Over the weekend, a 29-year-old woman from the South arrived at Samson Assuta Ashdod Hospital after she told her doctor she did not feel her baby moving, Dr. Josef Tovbin, head of the hospital’s Labor and Delivery Ward, told The Jerusalem Post.
The hospital confirmed that the baby had no heartbeat. The woman delivered a stillborn baby, who was then tested for coronavirus and found to be positive. The hospital also tested the placenta, and coronavirus was found, as well.
According to Tovbin, the mother had felt sick for three or four days prior to visiting her doctor. She did not suspect she had coronavirus. But when they tested her, she was also found to be sick with the virus.
She had been pregnant for 25 weeks.
“The significance of getting infected is dramatic in light of my great personal loss,” the mother said in an interview with the Hebrew website Ynet. She said she observed Health Ministry regulations as much as possible.
Two weeks before arriving at the hospital, she had been examined and the baby was found to be healthy.
Prof. Arnon Wiznitzer, an obstetrician and gynecologist at Rabin Medical Center-Beilinson Campus in Petah Tikva, said the case of a fetus contracting the virus, called vertical transmission, is very unusual. To date, in only between 1% and 3% of cases has a pregnant mother directly passed on the virus to her baby.
“Most of the time, the virus does not cross the placenta and does not cause any disease in the fetus,” Wiznitzer said.
Last July, the science journal Nature published an article that demonstrated a case of vertical transmission, in which the virus was found in both the mother’s side and the baby’s side of the placenta and in the amniotic fluid. The mother and baby also both tested positive for the virus via a PCR test.
Normally, the baby is infected after delivery via contact with the mother, Wiznitzer said.

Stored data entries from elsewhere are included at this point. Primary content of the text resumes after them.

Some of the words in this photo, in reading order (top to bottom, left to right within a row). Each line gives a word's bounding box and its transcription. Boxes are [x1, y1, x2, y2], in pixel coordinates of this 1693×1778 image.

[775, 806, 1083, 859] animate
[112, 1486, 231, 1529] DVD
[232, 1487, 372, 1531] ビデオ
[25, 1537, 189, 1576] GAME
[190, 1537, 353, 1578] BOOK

During this recent wave of the pandemic, likely caused by the British variant, younger people have been getting infected, including pregnant women. Dozens of pregnant women have ended up in intensive-care units and have delivered their babies prematurely via C-section.

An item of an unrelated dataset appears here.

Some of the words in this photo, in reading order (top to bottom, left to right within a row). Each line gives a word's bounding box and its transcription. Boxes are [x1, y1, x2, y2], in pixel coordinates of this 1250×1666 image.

Genetic sequencing was not conducted to determine if the mother and baby were infected with the British variant, Tovbin said.
Samson Assuta Ashdod University Hospital said this was its third stillbirth by a woman with coronavirus. In the previous two, the baby was not infected.
There is concern that the British variant could lead to an increase in vertical transmission, Wiznitzer said. However, he noted that in two cases tested at Beilinson, where the pregnant woman was known to have the mutation, the virus did not pass to the unborn baby.
“We are in the process of learning the disease, so we don’t know,” he said.
“Go and get vaccinated at every stage of pregnancy,” Tovbin said. “It does not matter which trimester. If she had been vaccinated, there is a good chance she never would have been sick, and the baby would not have died.”
The mother told Ynet: “It is extremely important to get vaccinated to protect our loved ones as much as possible.”